Your brand is your business – it’s essential to protect it from cyber crime so your intellectual property, your details and those of your clients and contacts are not put at risk. How can your brand be exploited online – and what staps can you take to ensure you’re safe.
Fraudulent websites
A third party constructs a website identical or highly similar to your own brand website using an identical, or confusingly similar, domain name which they use to defraud genuine customers. This happens through misleading them into thinking that the website is run by or has a genuine commercial connection with your brand.

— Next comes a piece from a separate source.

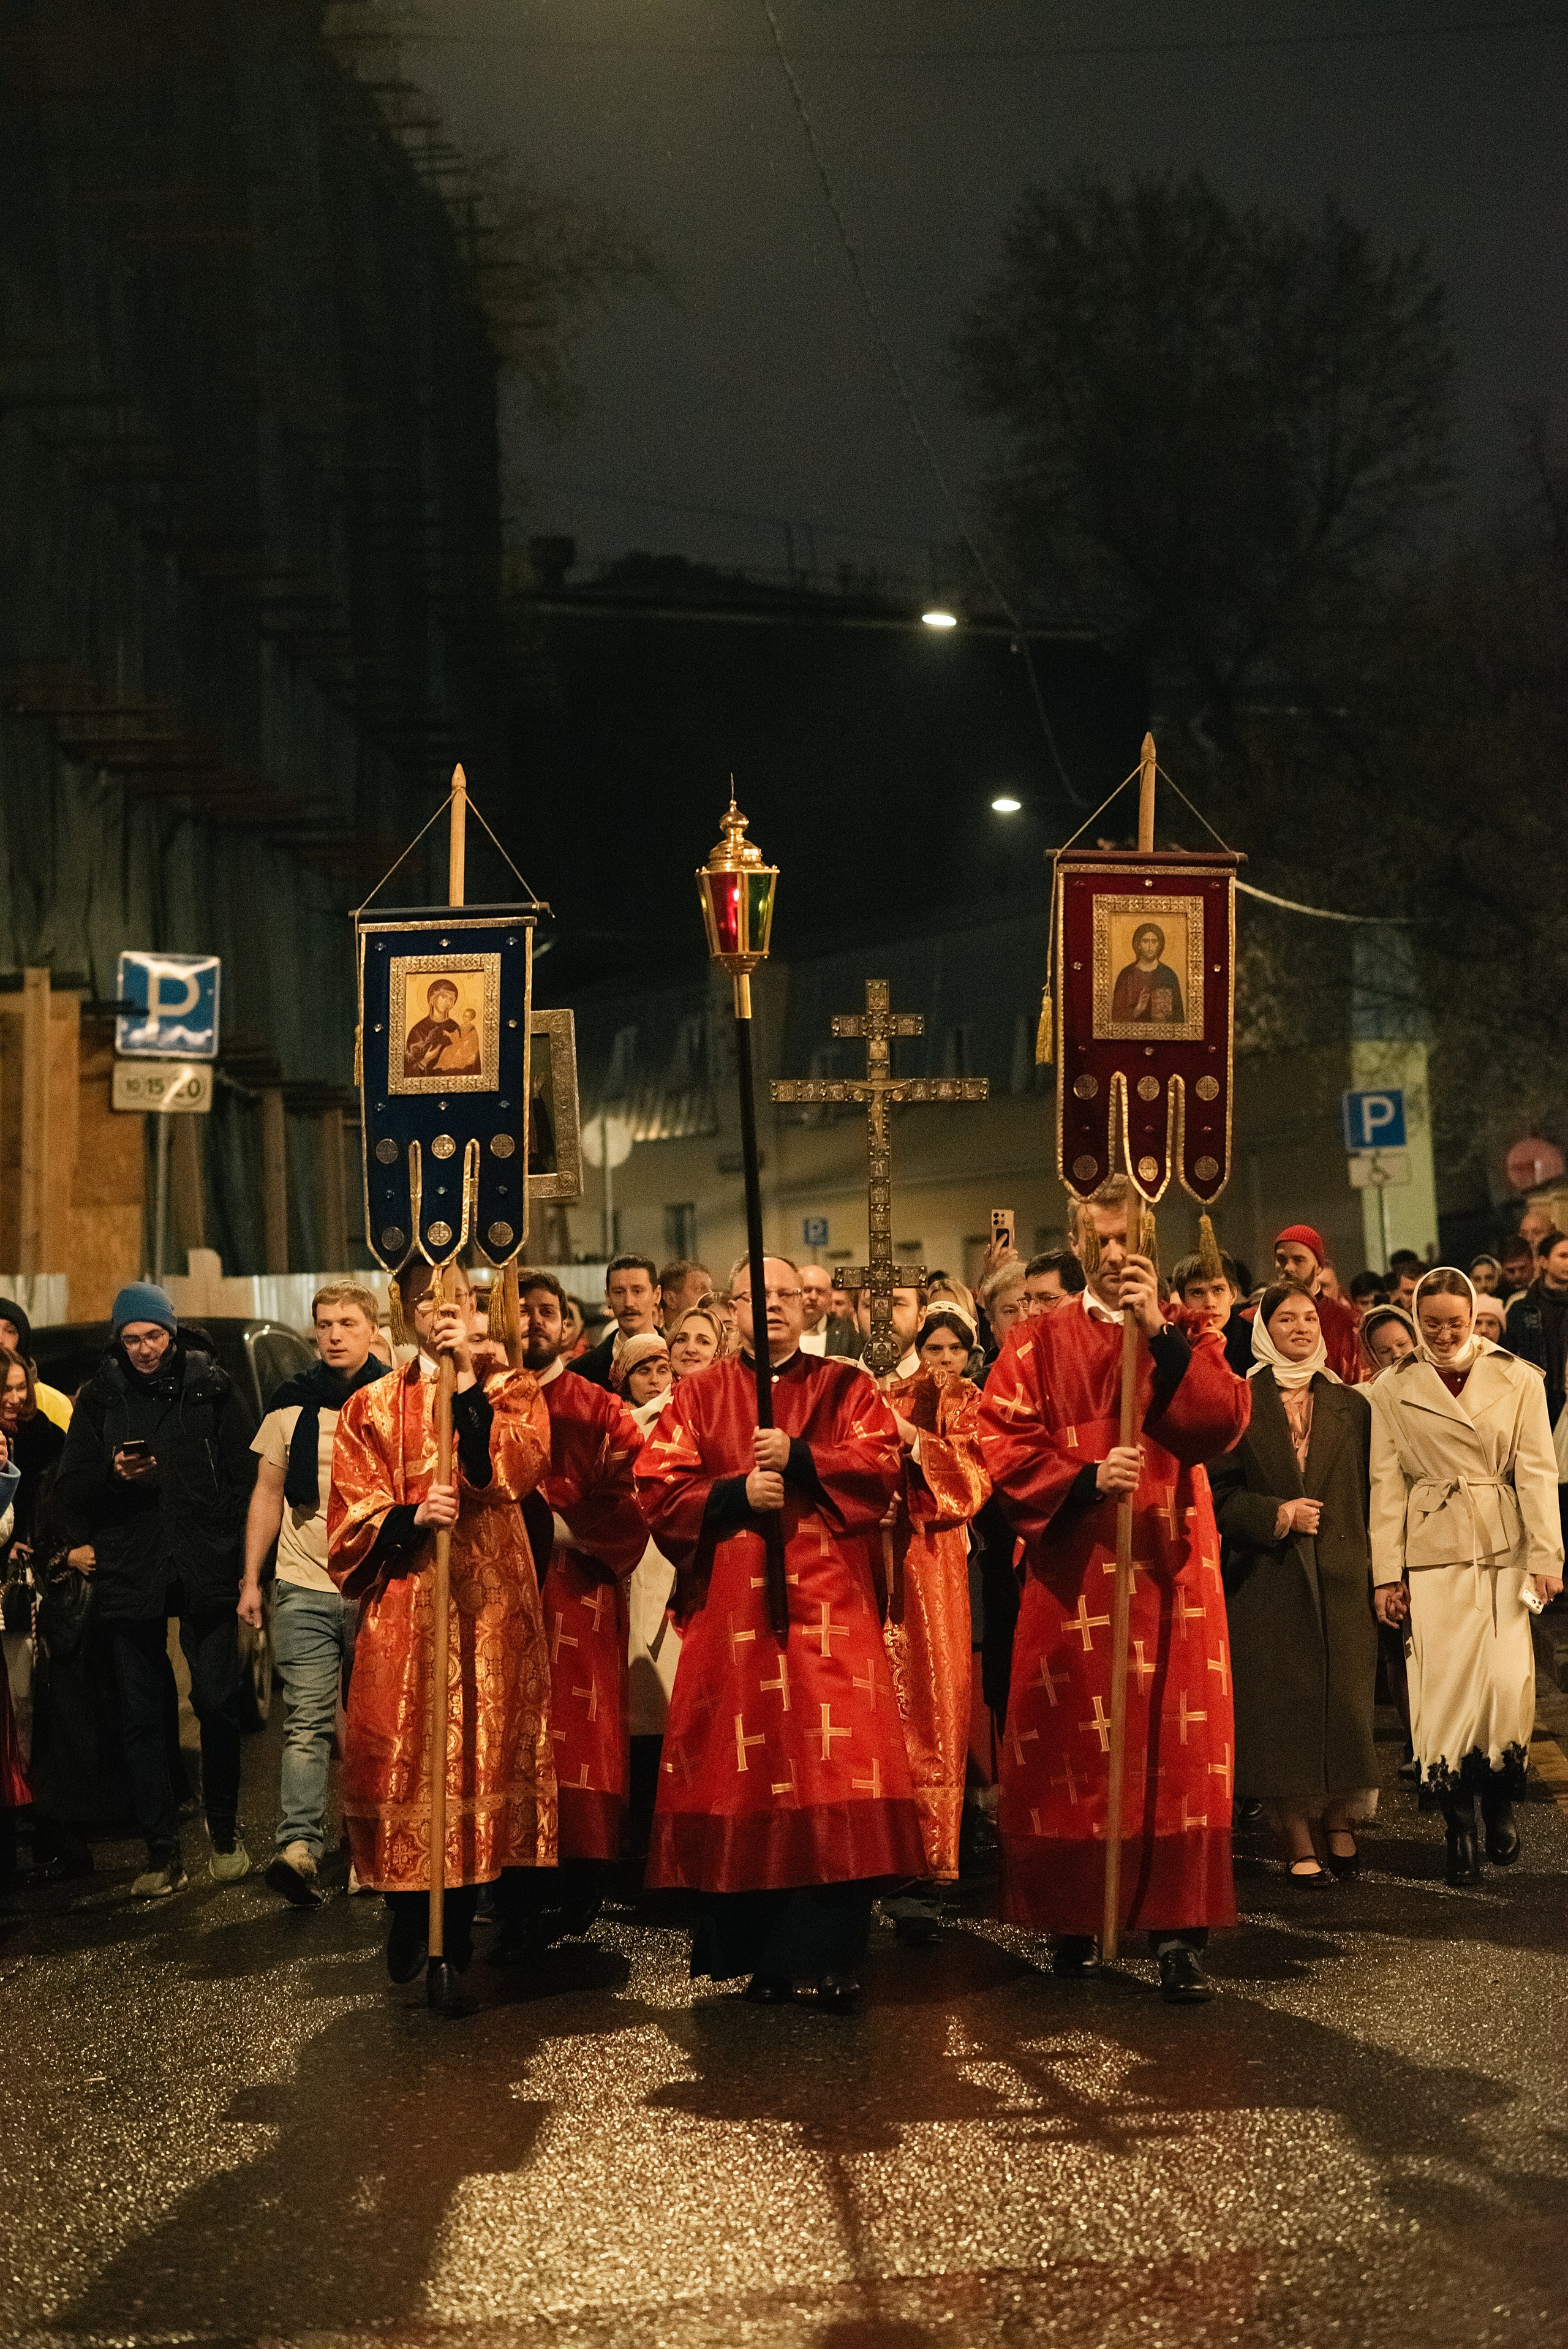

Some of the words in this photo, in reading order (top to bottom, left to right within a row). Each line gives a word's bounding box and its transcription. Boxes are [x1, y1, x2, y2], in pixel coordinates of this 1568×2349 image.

[147, 962, 200, 1035] P
[148, 1077, 165, 1095] 15
[1361, 1095, 1396, 1144] P

This often leads to consumers disclosing sensitive personal and financial information including name, address, credit card or bank details by making orders for products or services which do not exist.
Steps to take
Report the domain immediately to the relevant registrar, as it is a breach of the conditions of domain name registration to conduct illegal activities such as fraud. By not taking action to prevent these activities once reported to them, the registrar can also be held responsible.
By approaching the registrar as the genuine brand owner and providing evidence that the domain is fake, the registrar must act quickly to prevent further fraudulent activities and will usually immediately move to block and shut down the domain.
Cybersquatting
Cybersquatting involves a third party registering a name which is identical or confusingly similar to your own brand but with a different general top level domain (“GTLD”), for example “.com” or “.net” so you cannot register it and use it yourself.
Steps to take File a Uniform Domain Name Dispute Resolution Policy (“UDRP”) against the registrant of the domain.
These are universally-recognised domain name dispute resolution mechanism administered by the World Intellectual Property Office (“WIPO”). The requirements for successfully challenging a domain name registration are as follows:
- The domain name in dispute is identical or confusing similar to a registered or unregistered trade mark actively in use by your brand
- The domain name registrant has no legitimate right or interest in registering it or good faith intention to offer goods or services themselves using the domain
- The domain name was registered and is being used in bad faith to target your brand in some way.
In the context of a UDRP, bad faith is recognised as attempting to sell the domain name back to your brand or business at a profit, knowingly preventing your brand from using it and to disrupt your business as a result or to confuse customers looking for your brand’s genuine website.
In the UK, there is a similar domain name dispute mechanism knows as DRS specifically in relation to “.uk” domains which applies the same principles as the UDRP. In the case of “.uk” dispute the domain can be either registered or used in bad faith which can in some cases be easier to prove.
CEO fraud: phishing attacks
A third party registers an highly-similar domain but does not use it to create a website, instead creating email addresses which are almost identical to genuine email addresses in use by your business or brand.
These email addresses are then used in phishing attacks to obtain personal and financial information from customers and employees who are tricked into believing that the email is from a genuine source.
Larger organizations are often targeted internally by fraudsters posing as either a CEO or high-level director requesting transfers of large sums or money or highly sensitive information known as CEO fraud.
Steps to take
- Report the domain to the relevant registrar
- File a UDRP or if a .uk domain file a DRS.